Input –
+===+

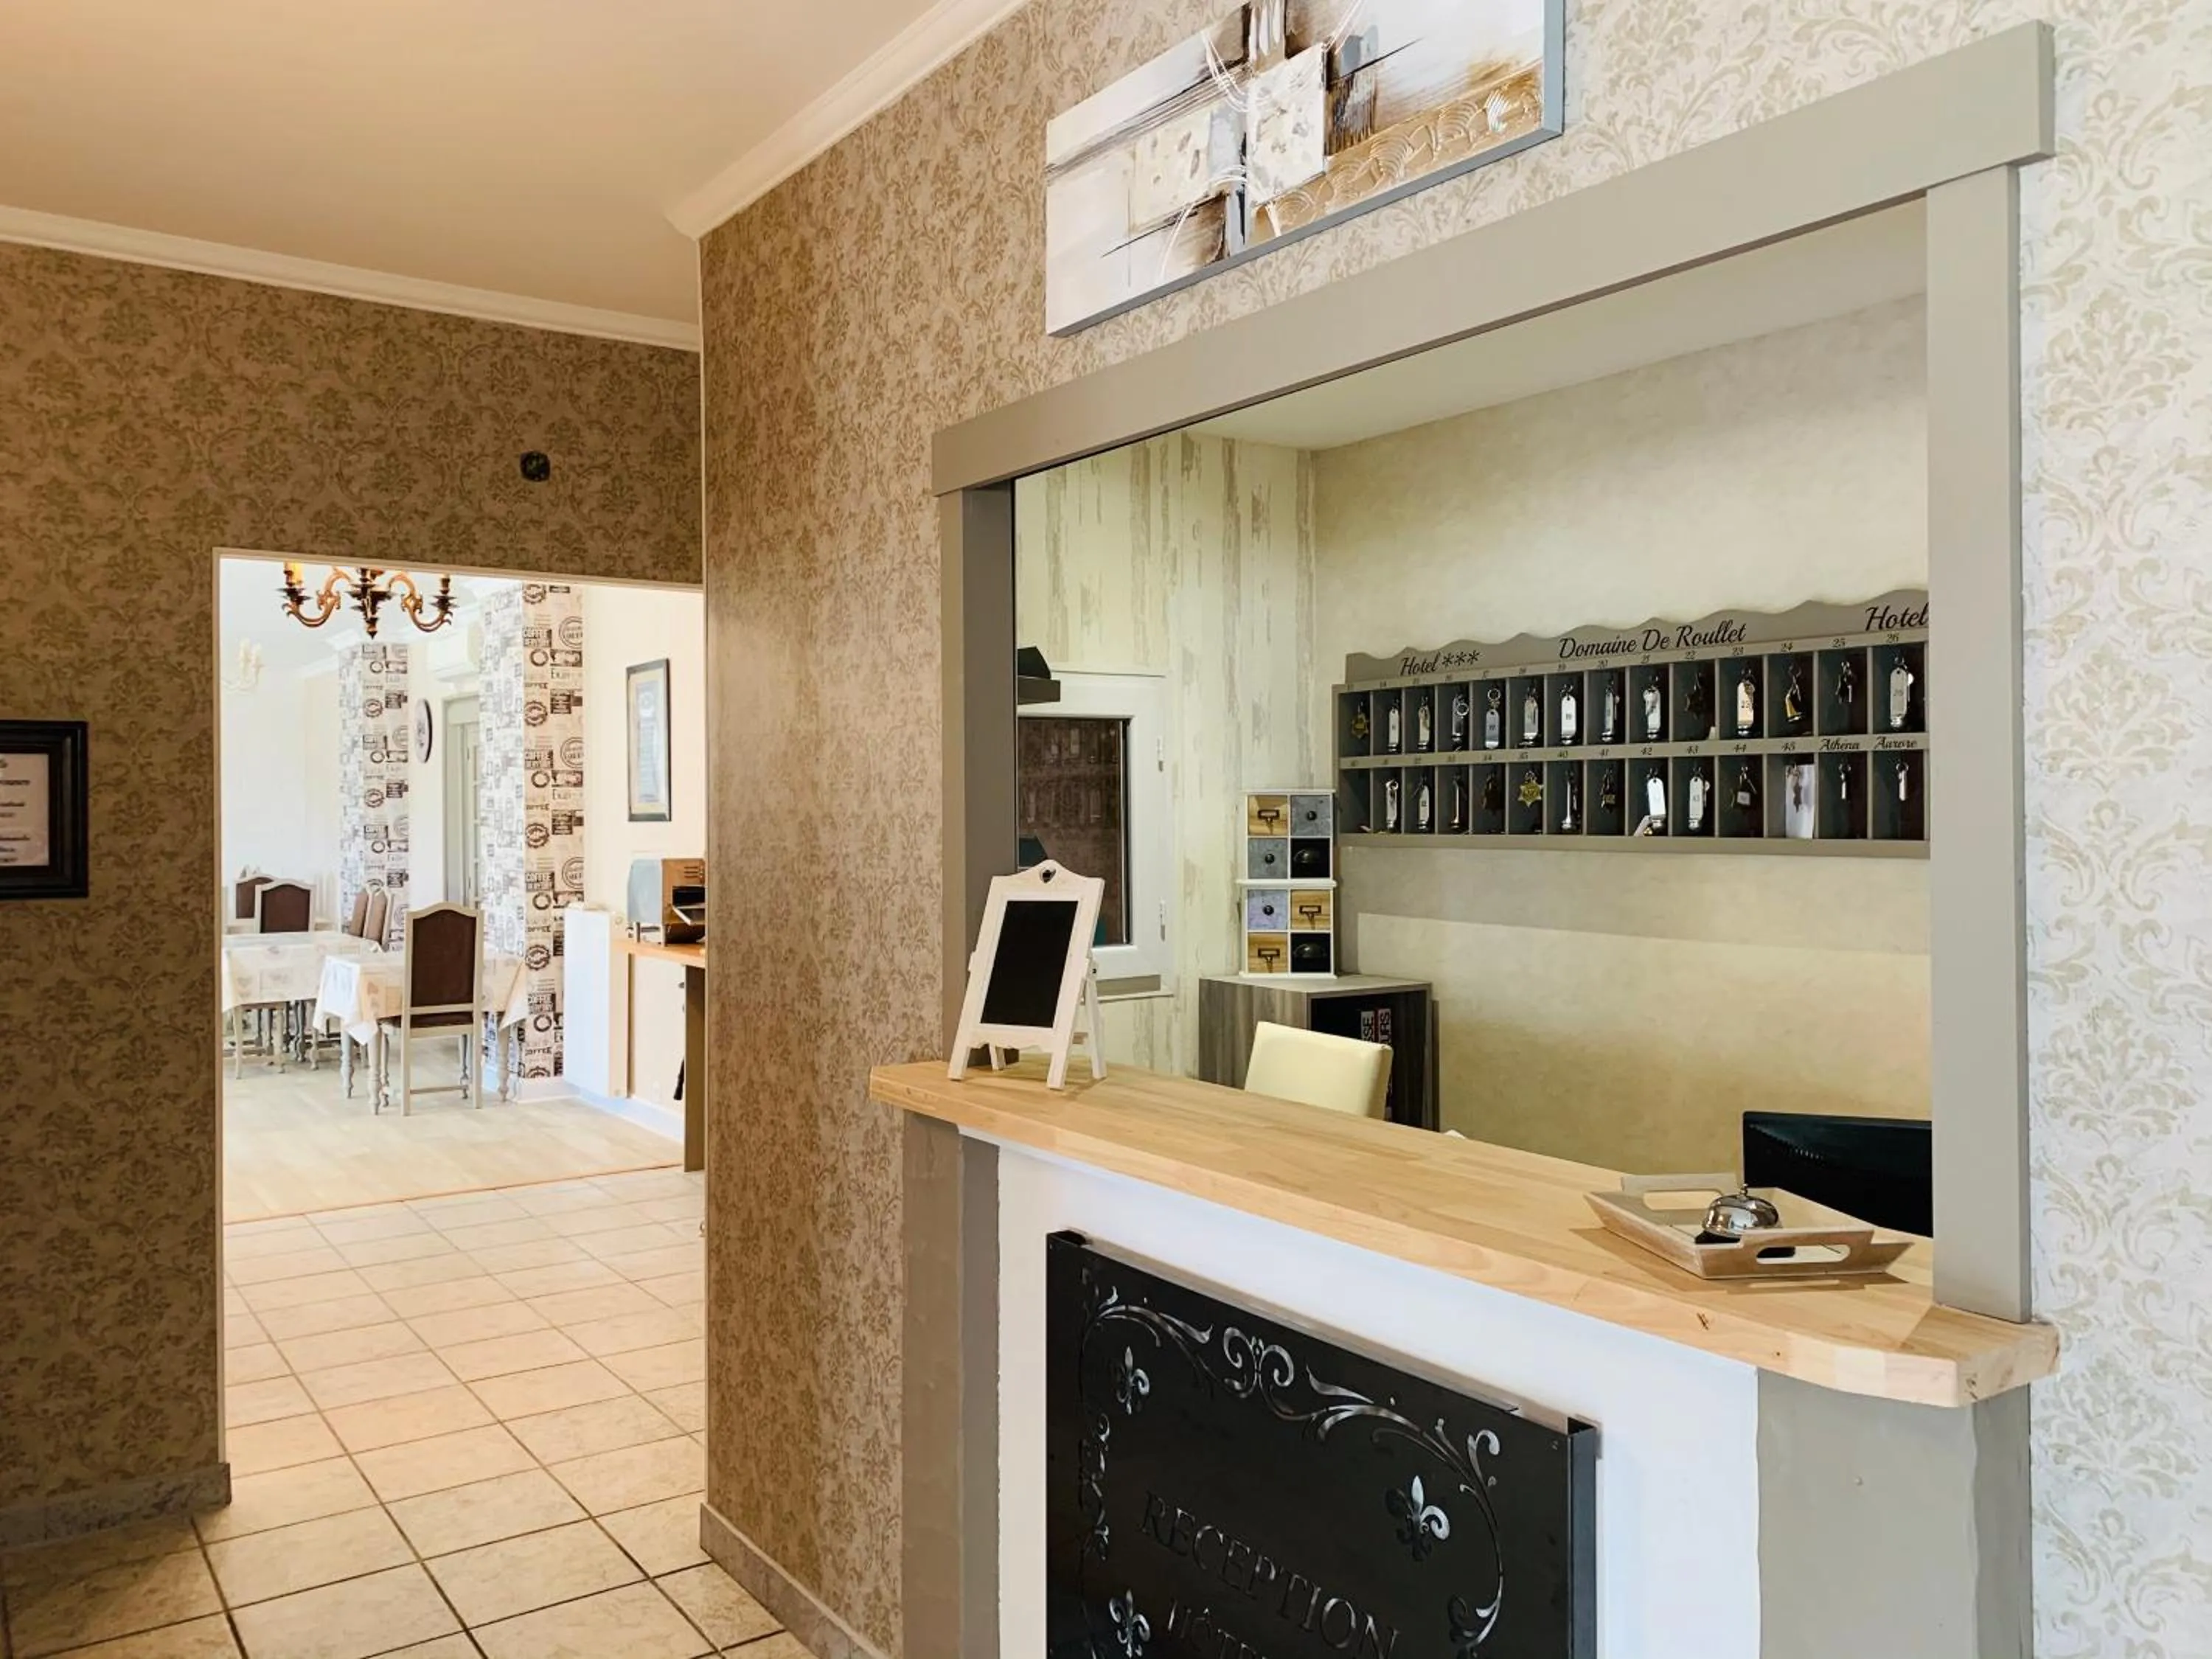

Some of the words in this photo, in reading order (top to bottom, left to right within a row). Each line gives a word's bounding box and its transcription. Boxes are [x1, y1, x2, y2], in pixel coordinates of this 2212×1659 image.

[1865, 601, 1929, 632] Hotel
[1559, 635, 1637, 658] Domaine
[1642, 628, 1671, 652] De
[1676, 619, 1747, 648] Roullet
[1886, 632, 1899, 643] 26
[1781, 641, 1793, 653] 24
[1832, 638, 1846, 649] 25
[1401, 652, 1440, 676] Hotel
[1641, 745, 1652, 756] 42
[1734, 742, 1747, 753] 44
[1781, 742, 1796, 752] 45
[1141, 1489, 1400, 1659] RECEPTION

+===+

What to work on –
Copy the records exactly; no image should appear in the result.

Answer space –
Some of the words in this photo, in reading order (top to bottom, left to right within a row). Each line gives a word's bounding box and its transcription. Boxes are [x1, y1, x2, y2], in pixel coordinates of this 2212×1659 image.

[1865, 601, 1929, 632] Hotel
[1559, 635, 1637, 658] Domaine
[1642, 628, 1671, 652] De
[1676, 619, 1747, 648] Roullet
[1886, 632, 1899, 643] 26
[1781, 641, 1793, 653] 24
[1832, 638, 1846, 649] 25
[1401, 652, 1440, 676] Hotel
[1641, 745, 1652, 756] 42
[1734, 742, 1747, 753] 44
[1781, 742, 1796, 752] 45
[1141, 1489, 1400, 1659] RECEPTION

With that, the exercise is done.